▶ **Given entries**
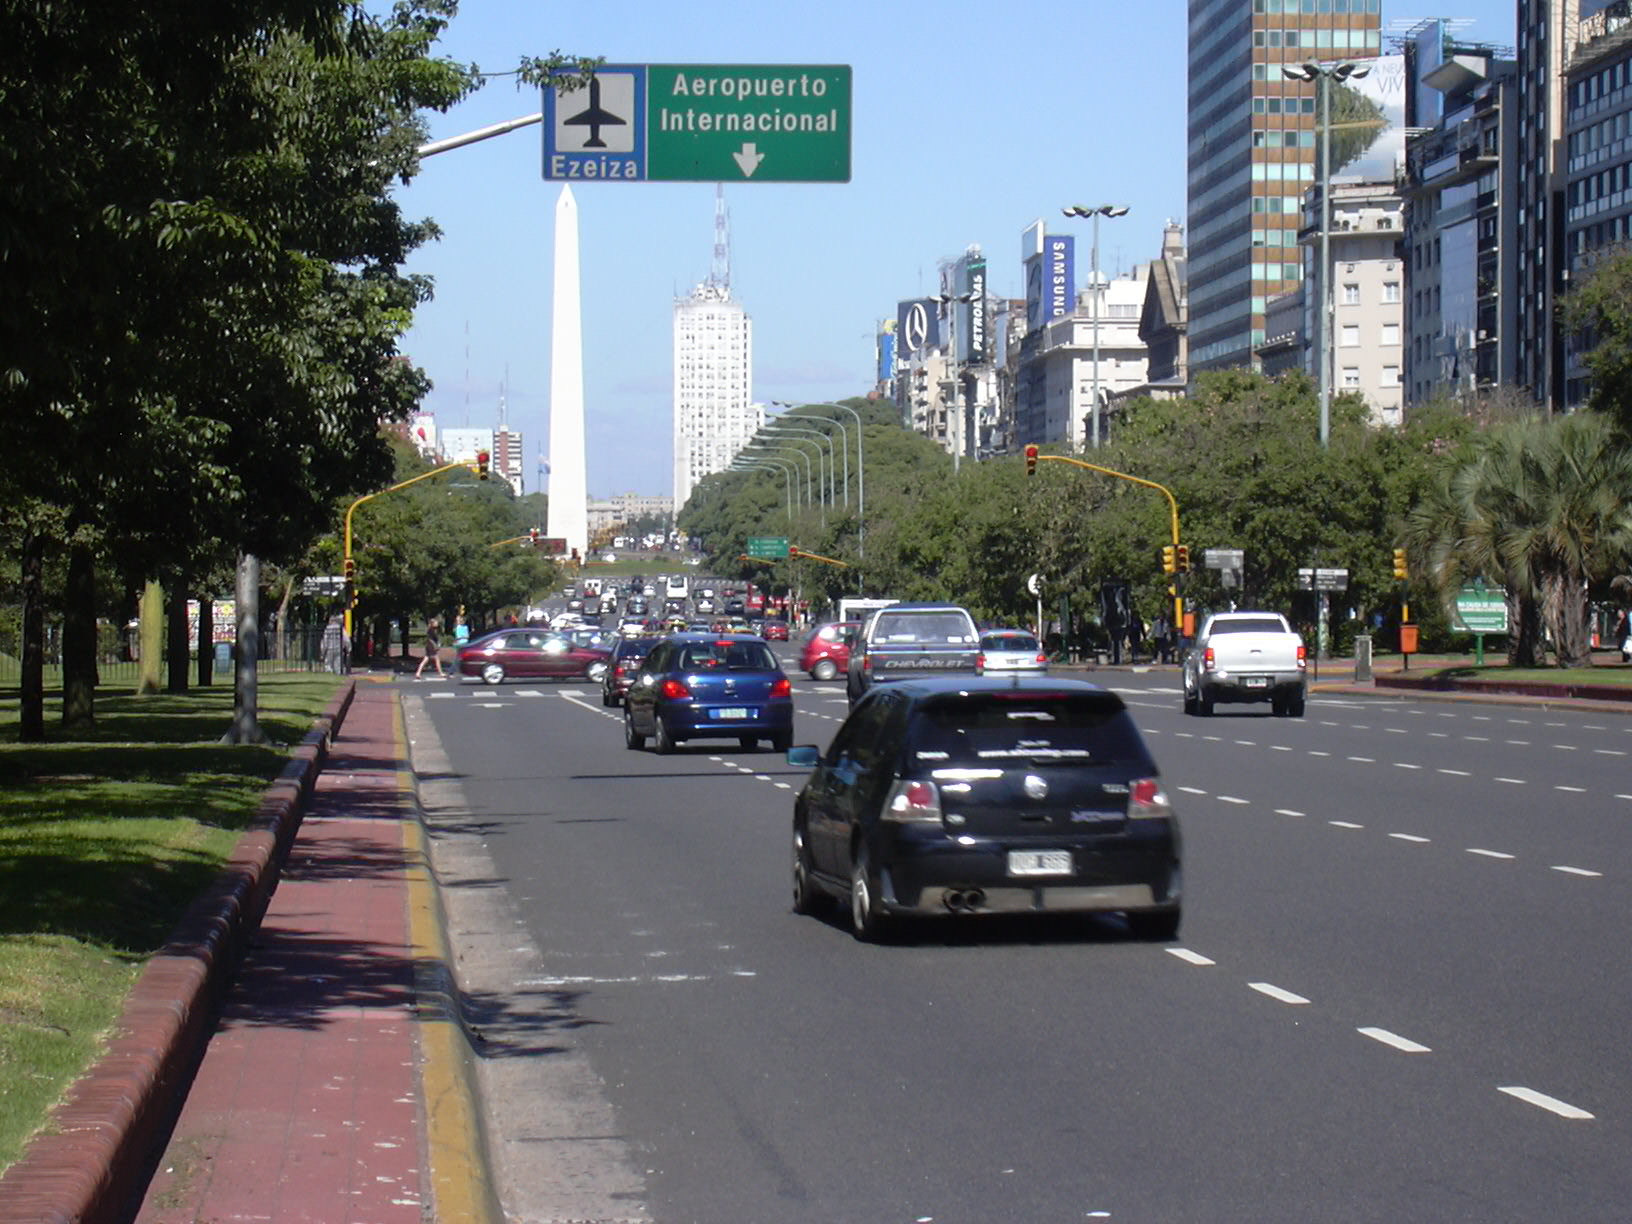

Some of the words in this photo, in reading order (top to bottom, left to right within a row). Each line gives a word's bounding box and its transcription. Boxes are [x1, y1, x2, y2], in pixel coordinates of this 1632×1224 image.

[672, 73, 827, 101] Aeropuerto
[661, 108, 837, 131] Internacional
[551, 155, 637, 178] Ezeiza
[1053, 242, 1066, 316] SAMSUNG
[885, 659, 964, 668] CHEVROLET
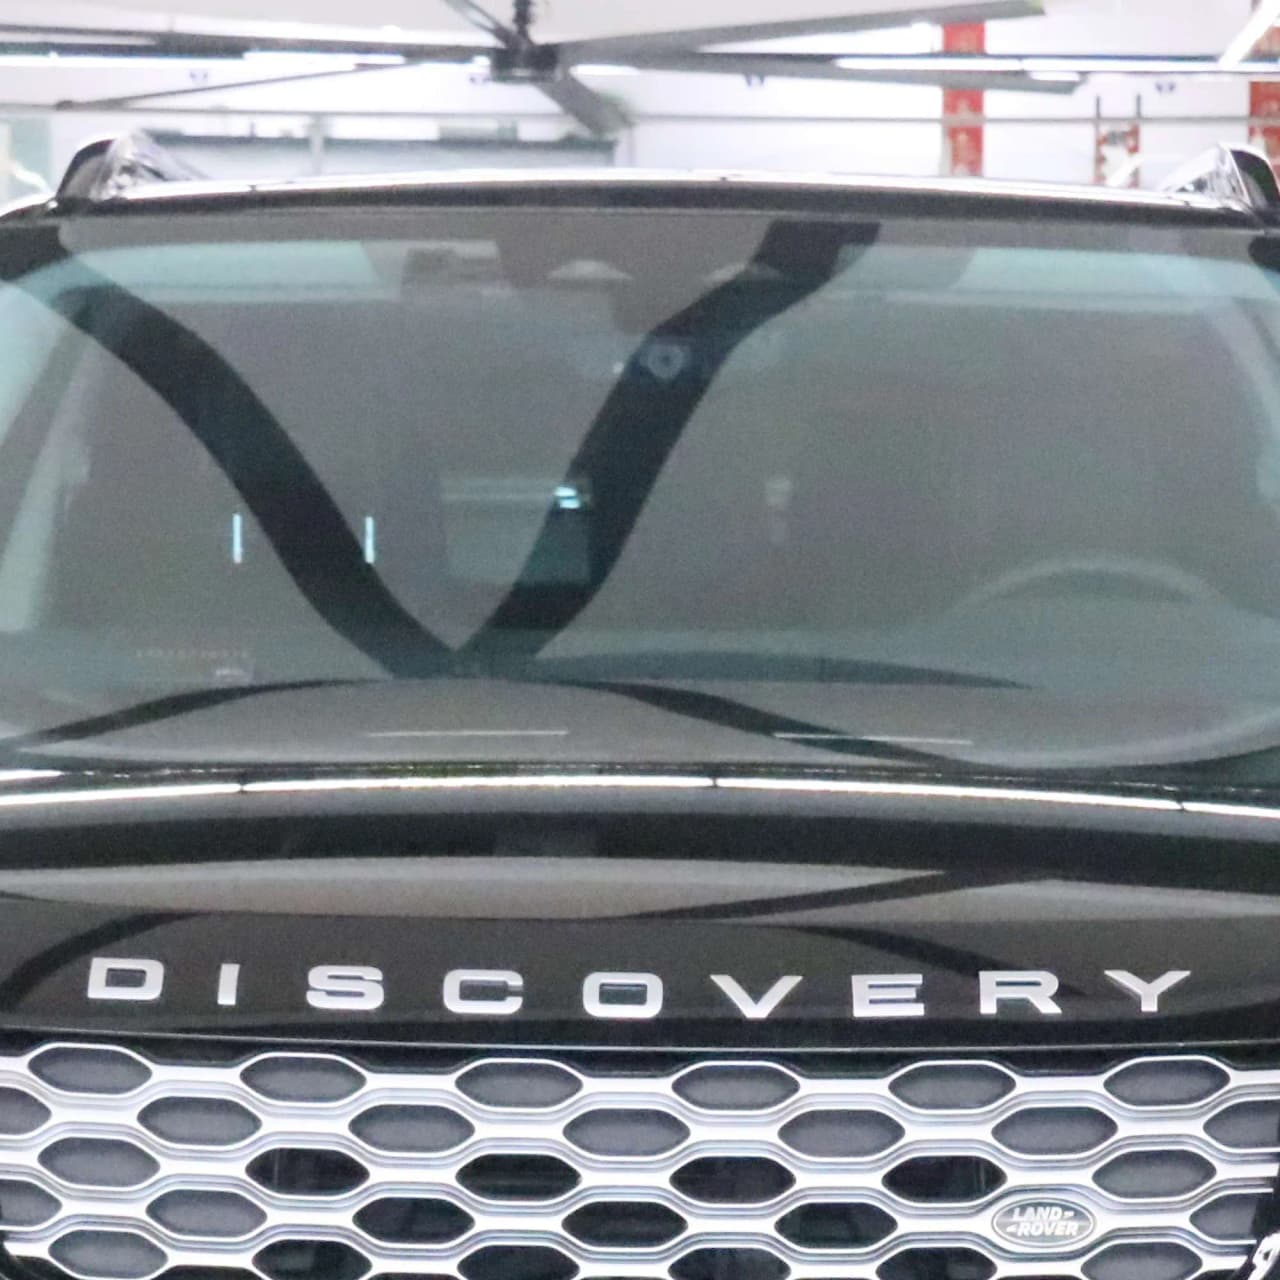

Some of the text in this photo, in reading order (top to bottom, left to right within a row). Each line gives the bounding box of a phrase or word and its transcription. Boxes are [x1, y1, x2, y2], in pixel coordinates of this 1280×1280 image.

▶ **Your assignment**
Only the text of the records belongs in the answer, printed exactly and without pictures.

▶ **Answer to this problem**
Some of the words in this photo, in reading order (top to bottom, left to right within a row). Each line gives a word's bounding box and its transcription. Boxes are [x1, y1, x2, y2], in pixel coordinates of this 1632×1224 image.

[672, 73, 827, 101] Aeropuerto
[661, 108, 837, 131] Internacional
[551, 155, 637, 178] Ezeiza
[1053, 242, 1066, 316] SAMSUNG
[885, 659, 964, 668] CHEVROLET

Some of the text in this photo, in reading order (top to bottom, left to right within a row). Each line gives the bounding box of a phrase or word and its transcription. Boxes are [x1, y1, x2, y2], in pixel coordinates of this 1280×1280 image.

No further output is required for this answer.